By on April 29, 2020

Over the years my professional watchmaker friend brought me several of his professional devices when they stopped working or when he needed some advice. And I am always curious about the electronic products he brings me to investigate. Last and recent one was about his Gent of Leicester XC408 Master Clock which was fixed and works again like a sunshine! And another very big repair was about the Exachron DCF time pulse receiver that completely was examined and even got simulated circuit parts that worked in the Tina designer/simulator. Of which also several Youtube videos were added to that article on Jestine’s great Blog. And this article gets a Tina circuit too.

This one is about reverse engineering a Clock pulse giver he in the past had bought that no longer was available because the manufacturer and/or designer of this product no longer existed or worse past away. And my friend (and also old colleague of a previous job we both worked) therefore wanted to make sure it was examined and saved in case he needed to repair it or duplicate it in future projects.

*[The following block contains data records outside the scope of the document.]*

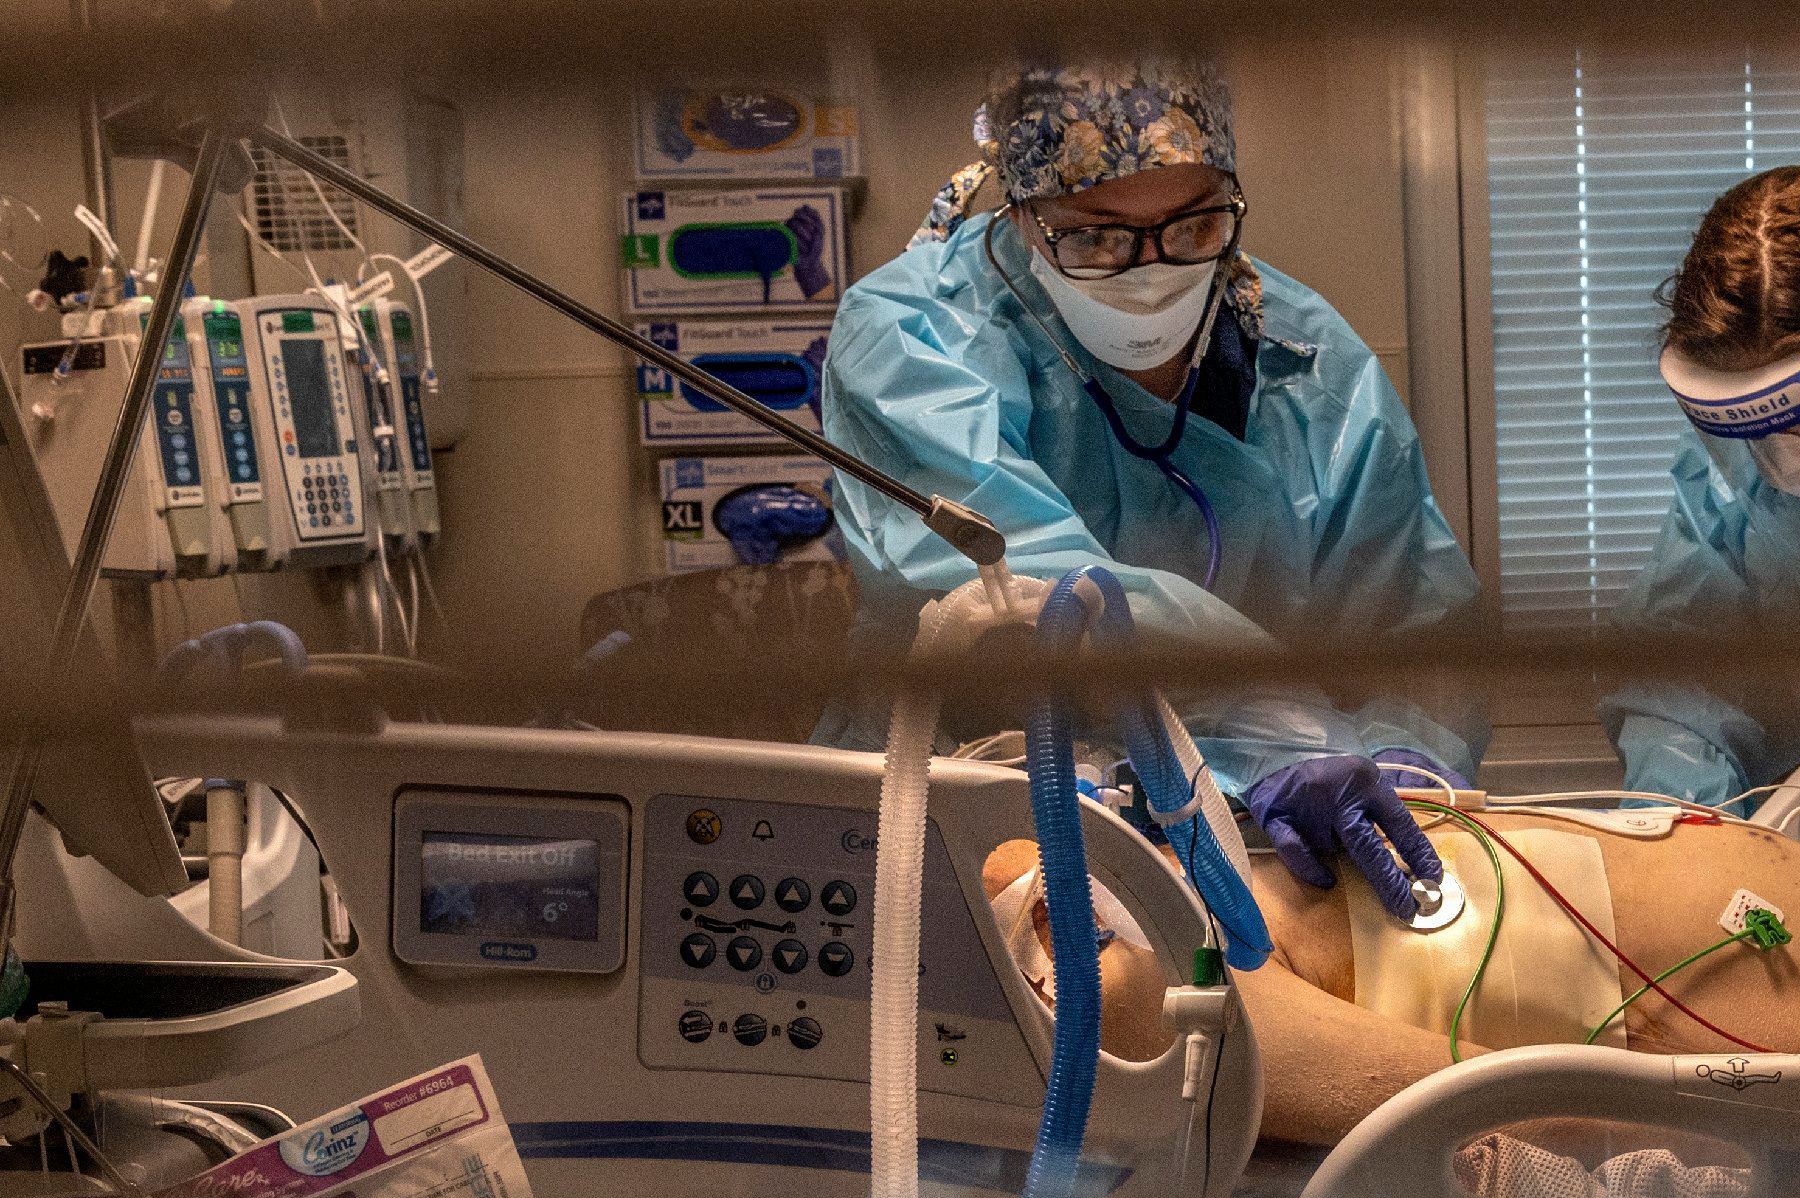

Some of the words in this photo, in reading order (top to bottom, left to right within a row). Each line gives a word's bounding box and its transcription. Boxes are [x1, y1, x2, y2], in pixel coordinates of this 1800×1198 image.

[637, 238, 650, 258] L
[644, 370, 666, 390] M
[1726, 393, 1791, 421] Shield
[1769, 412, 1797, 426] Mask
[667, 505, 699, 529] XL
[449, 843, 490, 861] Bed
[496, 845, 538, 864] Exit
[541, 846, 576, 867] Off
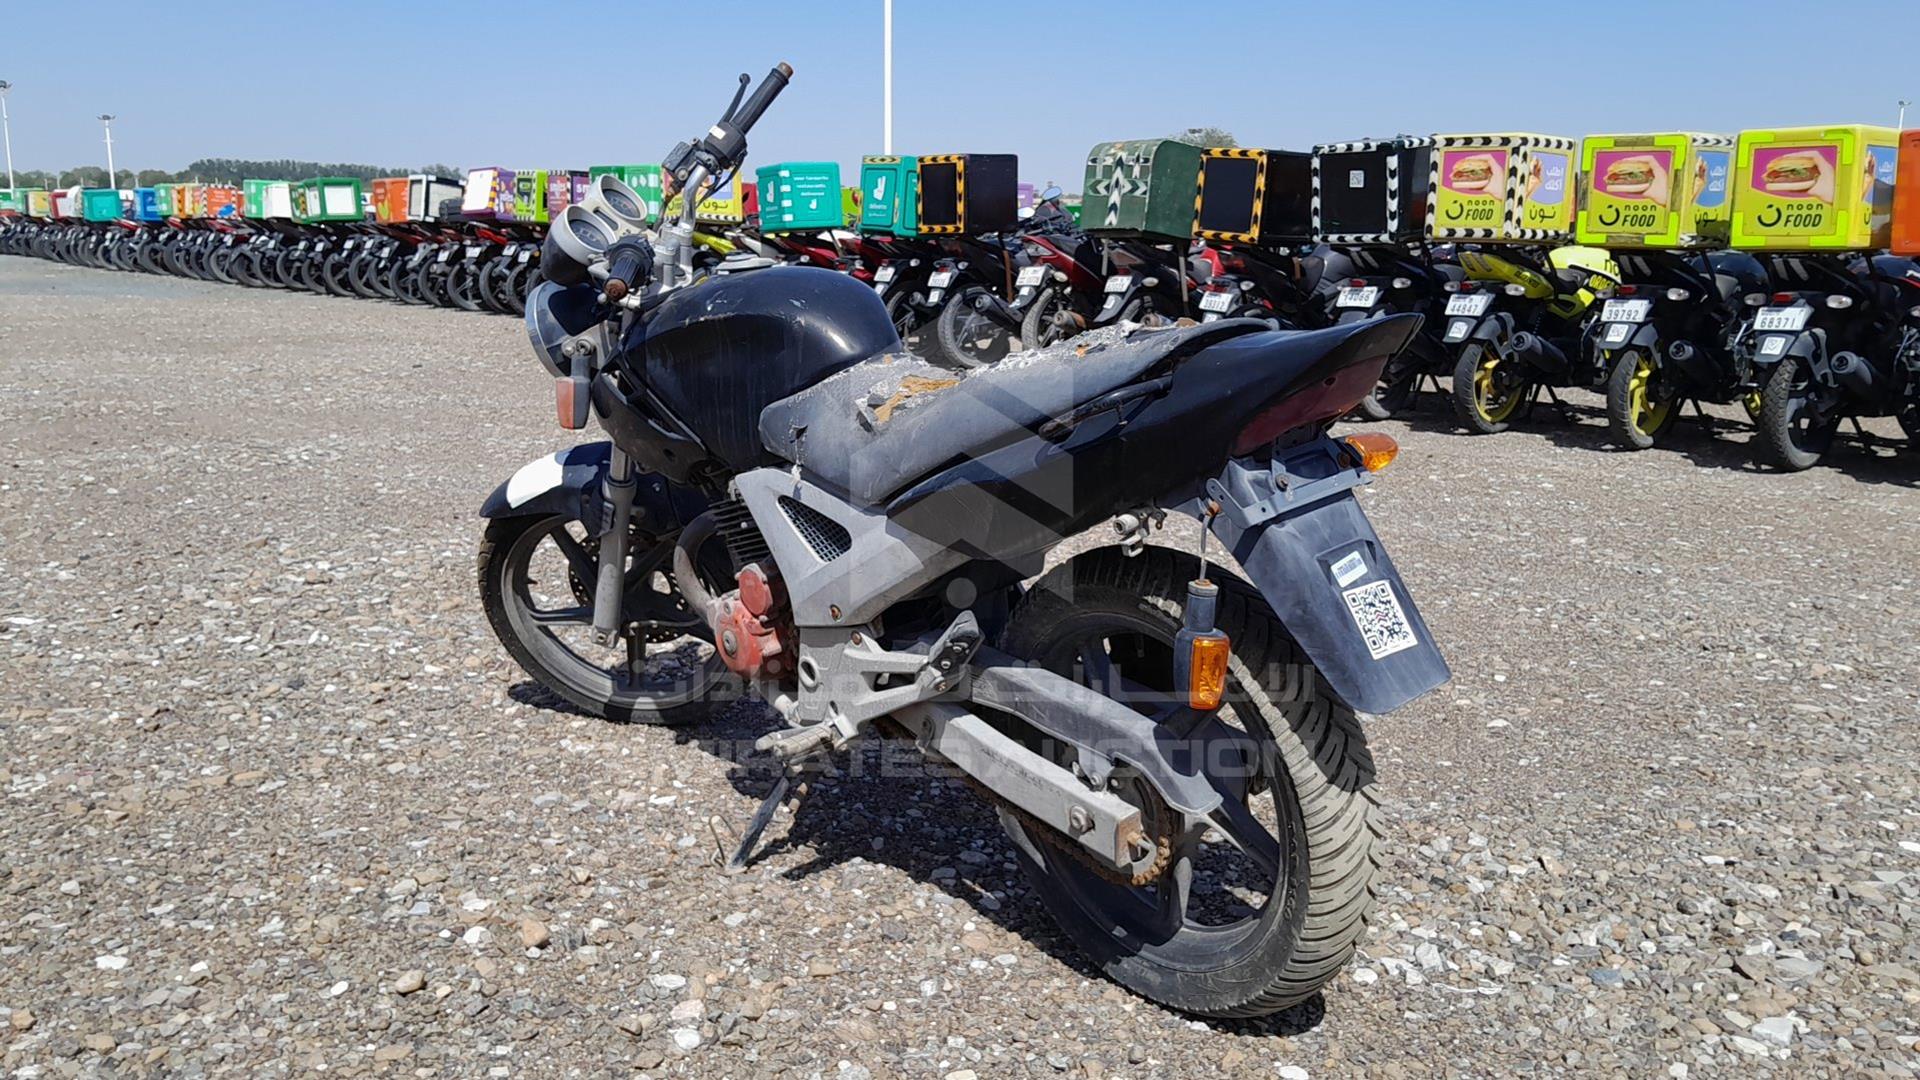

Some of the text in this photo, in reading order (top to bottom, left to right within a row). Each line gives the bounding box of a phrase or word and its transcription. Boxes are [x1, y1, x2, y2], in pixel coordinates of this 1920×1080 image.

[1624, 204, 1657, 212] noon
[1786, 203, 1824, 211] noon
[1465, 208, 1494, 221] FOOD
[1529, 205, 1556, 224] نون
[1783, 213, 1823, 228] FOOD
[1622, 214, 1656, 228] FOOD
[1450, 303, 1479, 314] 44847
[1606, 309, 1639, 321] 39792

The designer and/or manufacturer of this Clock pulse giver however had made sure that his product couldn’t be duplicated by removing all markings on the IC’s.

clock pulsegiver repair

Above photo shows the boxed Pulse giver circuit. The red and blue wires are the about 9V DC + and – battery inputs. And both black wires are output to the Clock.

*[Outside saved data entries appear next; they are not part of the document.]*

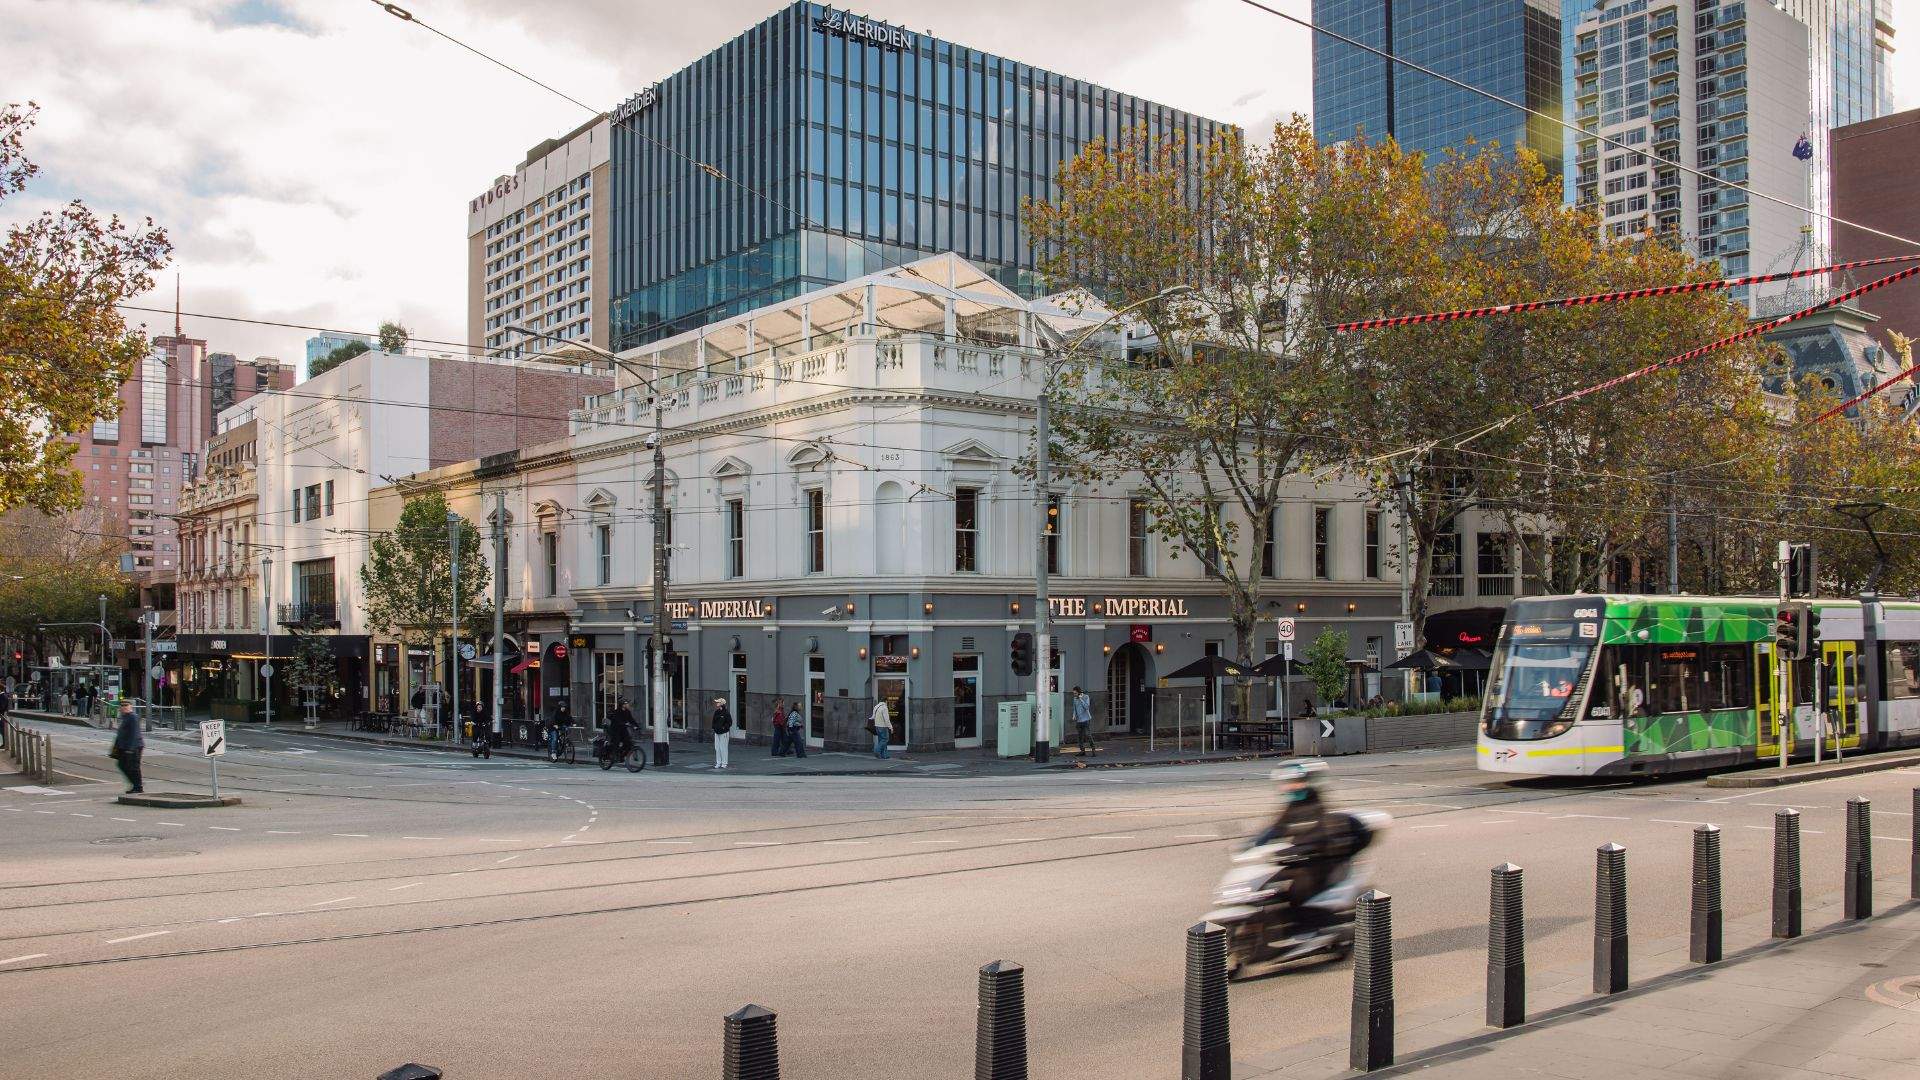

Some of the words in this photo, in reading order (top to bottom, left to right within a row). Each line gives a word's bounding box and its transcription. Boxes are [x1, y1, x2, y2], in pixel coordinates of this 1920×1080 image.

[842, 17, 912, 50] MERIDIEN
[619, 87, 656, 122] MERIDEN
[472, 174, 519, 213] RYDGES
[664, 602, 689, 619] THE
[700, 600, 764, 618] IMPERIAL
[1048, 598, 1086, 616] THE
[1105, 598, 1188, 616] IMPERIAL
[1280, 624, 1292, 633] 40
[1402, 631, 1406, 640] 1

It worked splendidly but as said no longer could be bought from the designer/manufacturer. And neither could the schematic of this circuit be found anywhere. Mainly because the seller simply no longer existed.

Finding the used but unmarked IC’s is no problem if they are the standard digital TTL/CMOS types.

Most of my IC testers are capable in recognizing the IC function to find what type it is. If they are normal or the special Schmitt triggered type is however not shown. Per example: the 7404 hex inverter is also available as a 7414 hex Schmitt trigger inverter but they behave almost identical in the tester if the different trigger level is not checked. Some testers then do give more IC types as result. And we have to select the right type from the given results. Schmitt triggers are used if we want to eliminated any erratic trigger pulses influencing its functioning.

And as was concluded in my previous Gent of Leicester XC408 Master Clock, 2 of my portable universal digital IC testers had problems with disapproving bad counter IC’s like the 4024 7 bit binary counter that was bad but tested good anyway! My other PC controlled IC testers from Elektor March 1998, and the ELV PC slotcard controlled IC tester had no problem with disapproving the bad chip. To my surprice the TL866A nor the Genius G540 could handle all counter IC’s. Because the TL866A simply lacked types CD4024, and types 7490, 7492 completely! The Genius G540 universal iC tester did better with recognizing the 4024, but lacked also the 7490 and 7492 counter/divider IC’s. (Counters are used as dividers when only a selected output or a combination of outputs are used).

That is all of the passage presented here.